Another issue facing many school districts is whether to shift away from the traditional middle school model, in favor of a K-8 configuration. Here and here are two new research reports from Canada that find that moving to K-8 has significant benefits, particularly for struggling students.

And here is a research report that demolishes the four most common excuses for the slowdown in achievement improvement that happens in too many high schools.

Two new OECD reports that accompanied the December 2016 release of the most recent international PISA test results make for very interesting reads. One looks at the US results in more detail, and the other takes a deep dive into the results in Massachusetts, which is our best performing state.

Achieve, Inc. recently released the last of its report on the results of its survey of students, employees, higher education, and parents on the extent to which high school students are graduating college and career ready. The results are sobering. Here are Report 1 Report 2 and Report 3.

From the Harvard Business Review comes this research on the four different types of school leaders in the UK, and which does the best job of improving long-term student achievement performance. A must read.

One of the problems that keeps coming up in many districts is the failure to link goals to the changes in activities that are intended to achieve them, and to link activity changes to budget changes. People coming to K12 from the private sector are inevitably surprised by the relatively low quality of the cost data that is available, and the slim use of activity based costing (ABC) to provide high quality management cost data for use in decision making. This research paper provides an example of how ABC was used in one K12 situation, and the insights that it produced. Closely related to this issue is this new paper on how more effective K12 CFOs -- who see their role as closer to a private sector "strategic partner" CFO, and less as a traditional "controller" focused K12 CFO -- can help to accelerate performance improvement in a district.

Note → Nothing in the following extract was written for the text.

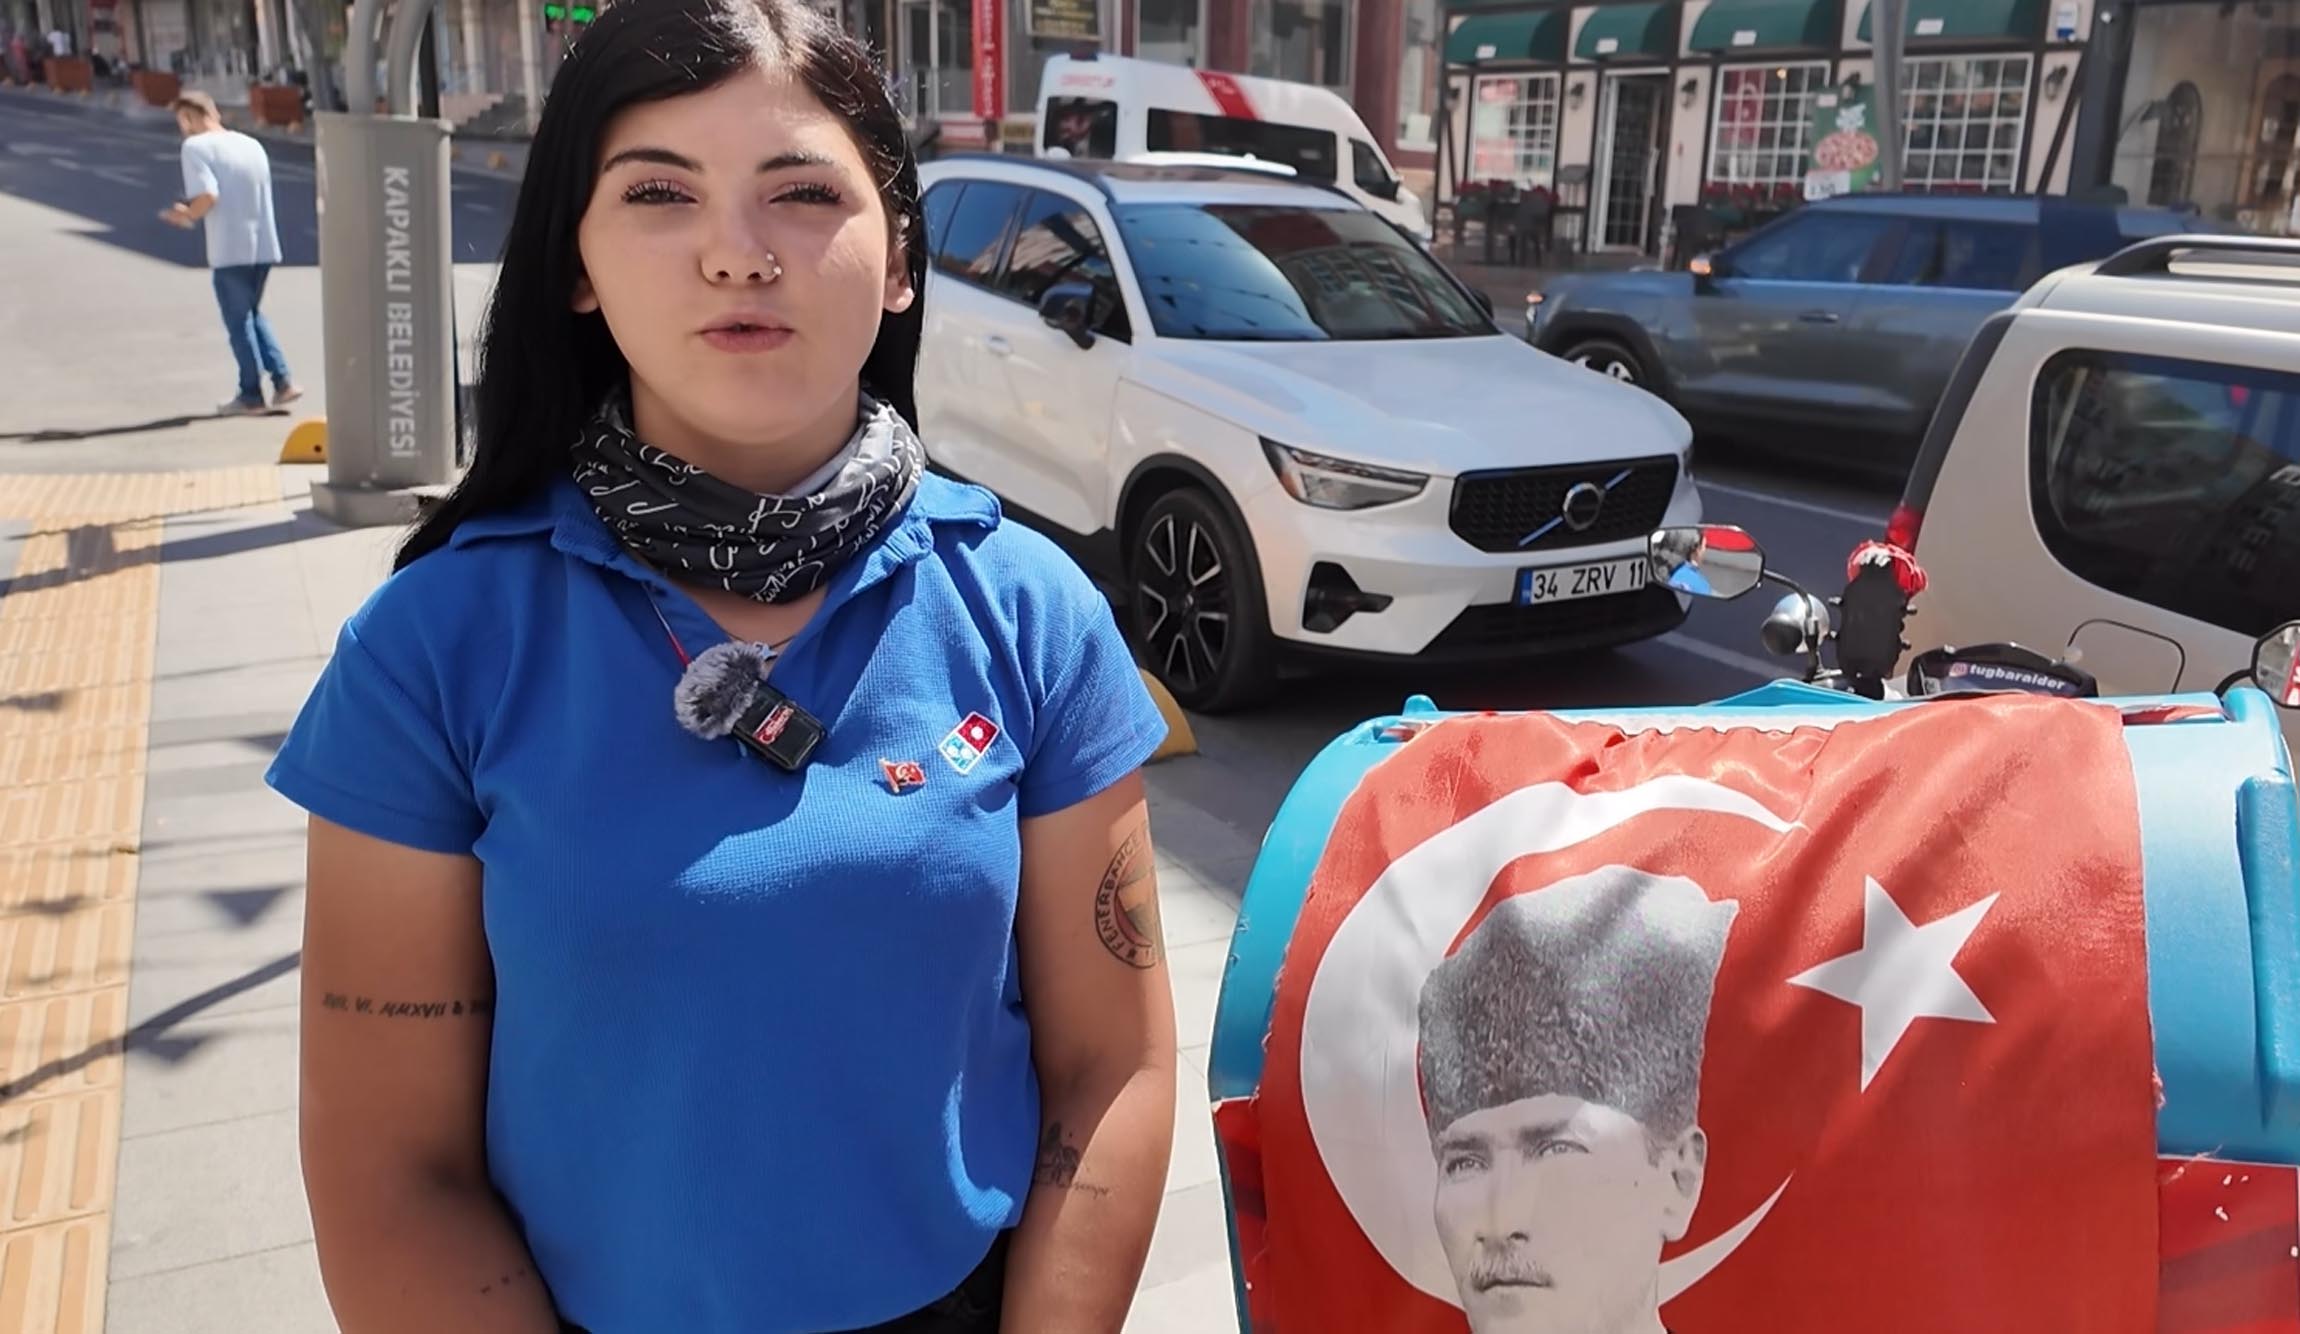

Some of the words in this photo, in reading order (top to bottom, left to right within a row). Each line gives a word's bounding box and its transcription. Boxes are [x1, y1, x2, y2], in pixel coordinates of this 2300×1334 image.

Canada's leading think tank, the CD Howe Institute, has just published a new analysis of whether increased teacher compensation leads to better student achievement results. It is a thought provoking read. However, it misses what to us is an essential point. One of the hallmarks of being a professional is to give your best to your clients, regardless of what you are paid. Hence, it comes as no surprise when researchers find (as they repeatedly have), that compensation is not a strong incentive for excellent performance by professionals.

However, that does not mean that professionals do not expect differentiated compensation as a reward for superior performance — just look at the spreads in pay you find in typical professional service firms, even among professionals with the same level of experience/seniority. Of course, this line of argument frequently triggers the counter that it is impossible to measure teachers’ performance in a manner that would yield a “fair” performance compensation system. There are at least three responses to this objection.

First, if other professionals have managed to devise metrics to support performance based compensation systems, why can’t education professionals do the same? Second, no performance measurement system will ever be perfect — for example, just look at the wide variation that exists in the standards teachers use to grade students, even within the same school. The issue at hand isn’t creating a system that is perfect; rather, it is creating a system that is good enough to enable us to offer significant differentiated rewards to our best teachers and school teams, with an acceptable degree of confidence that our compensation decisions are, in the aggregate, reasonably accurate. And third, the research shows that teacher evaluation systems are working reasonably well.

One of the key ways that private sector governance and K12 governance differ is in the frequent use by the latter of the “Carver Governance Model.” People with private sector board experience usually have concerns with the Carver Model, not the least of which is their fear that if they scrupulously follow it, they might face claims that they are failing to act with their fiduciary duty of care. You can learn more about these issues here.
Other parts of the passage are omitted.